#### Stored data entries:
--------

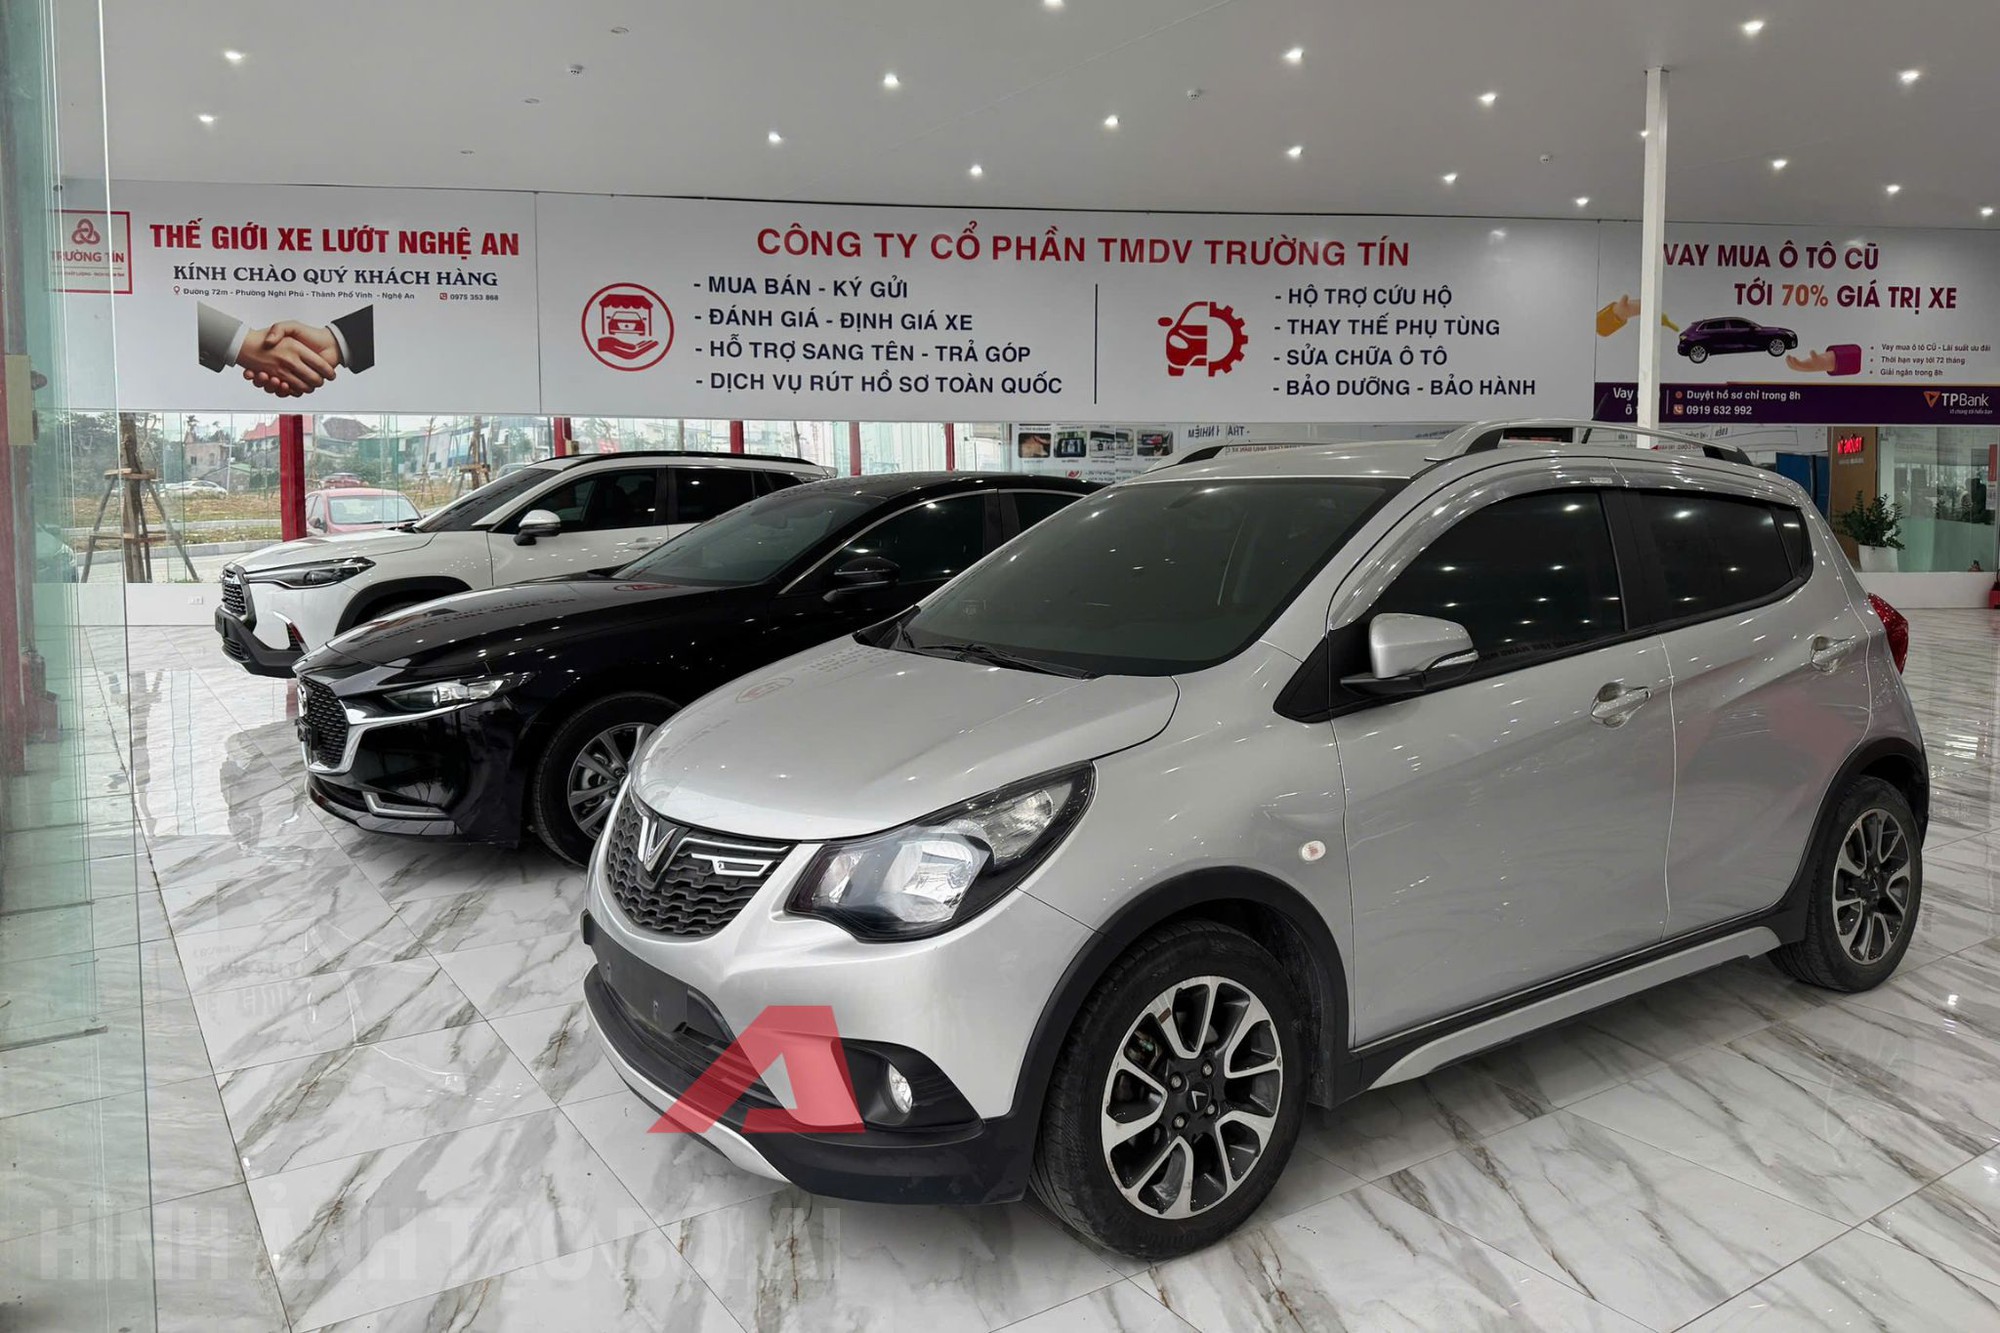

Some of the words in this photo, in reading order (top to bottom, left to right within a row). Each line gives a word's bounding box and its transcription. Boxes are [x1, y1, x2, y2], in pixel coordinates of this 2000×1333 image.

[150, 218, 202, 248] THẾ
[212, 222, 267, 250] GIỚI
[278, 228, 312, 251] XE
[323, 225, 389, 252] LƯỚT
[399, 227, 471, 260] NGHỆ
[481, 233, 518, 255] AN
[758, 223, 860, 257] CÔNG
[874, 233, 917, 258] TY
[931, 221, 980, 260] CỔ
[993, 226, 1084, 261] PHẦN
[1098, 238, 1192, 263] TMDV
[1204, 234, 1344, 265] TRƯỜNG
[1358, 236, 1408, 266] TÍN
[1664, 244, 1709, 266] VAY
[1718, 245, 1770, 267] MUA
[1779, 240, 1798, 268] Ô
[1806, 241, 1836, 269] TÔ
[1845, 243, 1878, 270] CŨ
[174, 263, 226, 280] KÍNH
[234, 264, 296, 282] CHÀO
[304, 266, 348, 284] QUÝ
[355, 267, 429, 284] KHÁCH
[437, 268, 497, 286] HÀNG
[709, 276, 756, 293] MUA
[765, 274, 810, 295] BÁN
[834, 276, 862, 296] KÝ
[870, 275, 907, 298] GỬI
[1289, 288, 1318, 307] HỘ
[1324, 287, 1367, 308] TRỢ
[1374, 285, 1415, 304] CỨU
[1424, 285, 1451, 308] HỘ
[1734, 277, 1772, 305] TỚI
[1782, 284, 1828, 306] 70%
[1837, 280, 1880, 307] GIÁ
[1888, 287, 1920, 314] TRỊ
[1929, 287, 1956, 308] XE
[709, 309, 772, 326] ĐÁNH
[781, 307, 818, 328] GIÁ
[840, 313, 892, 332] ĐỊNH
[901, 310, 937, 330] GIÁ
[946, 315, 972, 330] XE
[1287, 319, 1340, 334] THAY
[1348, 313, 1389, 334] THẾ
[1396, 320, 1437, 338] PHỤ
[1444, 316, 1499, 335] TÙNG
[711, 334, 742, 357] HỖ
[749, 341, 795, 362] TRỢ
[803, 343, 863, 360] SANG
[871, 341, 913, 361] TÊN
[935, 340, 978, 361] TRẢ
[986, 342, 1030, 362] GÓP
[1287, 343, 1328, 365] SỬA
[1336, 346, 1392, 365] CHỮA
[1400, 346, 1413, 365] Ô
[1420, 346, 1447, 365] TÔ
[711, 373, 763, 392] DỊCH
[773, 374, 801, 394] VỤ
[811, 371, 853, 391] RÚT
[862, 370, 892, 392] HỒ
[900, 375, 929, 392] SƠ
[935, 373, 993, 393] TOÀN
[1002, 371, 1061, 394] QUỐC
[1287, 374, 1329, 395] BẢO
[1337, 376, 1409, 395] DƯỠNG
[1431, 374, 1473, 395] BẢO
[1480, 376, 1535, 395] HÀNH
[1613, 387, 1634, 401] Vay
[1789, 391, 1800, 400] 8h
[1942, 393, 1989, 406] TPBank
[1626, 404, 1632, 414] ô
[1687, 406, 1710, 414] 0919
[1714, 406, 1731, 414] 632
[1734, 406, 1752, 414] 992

--------

#### ACTION ITEM:
Set down the data again, exactly, without images.

#### TASK RESULT:
Some of the words in this photo, in reading order (top to bottom, left to right within a row). Each line gives a word's bounding box and its transcription. Boxes are [x1, y1, x2, y2], in pixel coordinates of this 2000×1333 image.

[150, 218, 202, 248] THẾ
[212, 222, 267, 250] GIỚI
[278, 228, 312, 251] XE
[323, 225, 389, 252] LƯỚT
[399, 227, 471, 260] NGHỆ
[481, 233, 518, 255] AN
[758, 223, 860, 257] CÔNG
[874, 233, 917, 258] TY
[931, 221, 980, 260] CỔ
[993, 226, 1084, 261] PHẦN
[1098, 238, 1192, 263] TMDV
[1204, 234, 1344, 265] TRƯỜNG
[1358, 236, 1408, 266] TÍN
[1664, 244, 1709, 266] VAY
[1718, 245, 1770, 267] MUA
[1779, 240, 1798, 268] Ô
[1806, 241, 1836, 269] TÔ
[1845, 243, 1878, 270] CŨ
[174, 263, 226, 280] KÍNH
[234, 264, 296, 282] CHÀO
[304, 266, 348, 284] QUÝ
[355, 267, 429, 284] KHÁCH
[437, 268, 497, 286] HÀNG
[709, 276, 756, 293] MUA
[765, 274, 810, 295] BÁN
[834, 276, 862, 296] KÝ
[870, 275, 907, 298] GỬI
[1289, 288, 1318, 307] HỘ
[1324, 287, 1367, 308] TRỢ
[1374, 285, 1415, 304] CỨU
[1424, 285, 1451, 308] HỘ
[1734, 277, 1772, 305] TỚI
[1782, 284, 1828, 306] 70%
[1837, 280, 1880, 307] GIÁ
[1888, 287, 1920, 314] TRỊ
[1929, 287, 1956, 308] XE
[709, 309, 772, 326] ĐÁNH
[781, 307, 818, 328] GIÁ
[840, 313, 892, 332] ĐỊNH
[901, 310, 937, 330] GIÁ
[946, 315, 972, 330] XE
[1287, 319, 1340, 334] THAY
[1348, 313, 1389, 334] THẾ
[1396, 320, 1437, 338] PHỤ
[1444, 316, 1499, 335] TÙNG
[711, 334, 742, 357] HỖ
[749, 341, 795, 362] TRỢ
[803, 343, 863, 360] SANG
[871, 341, 913, 361] TÊN
[935, 340, 978, 361] TRẢ
[986, 342, 1030, 362] GÓP
[1287, 343, 1328, 365] SỬA
[1336, 346, 1392, 365] CHỮA
[1400, 346, 1413, 365] Ô
[1420, 346, 1447, 365] TÔ
[711, 373, 763, 392] DỊCH
[773, 374, 801, 394] VỤ
[811, 371, 853, 391] RÚT
[862, 370, 892, 392] HỒ
[900, 375, 929, 392] SƠ
[935, 373, 993, 393] TOÀN
[1002, 371, 1061, 394] QUỐC
[1287, 374, 1329, 395] BẢO
[1337, 376, 1409, 395] DƯỠNG
[1431, 374, 1473, 395] BẢO
[1480, 376, 1535, 395] HÀNH
[1613, 387, 1634, 401] Vay
[1789, 391, 1800, 400] 8h
[1942, 393, 1989, 406] TPBank
[1626, 404, 1632, 414] ô
[1687, 406, 1710, 414] 0919
[1714, 406, 1731, 414] 632
[1734, 406, 1752, 414] 992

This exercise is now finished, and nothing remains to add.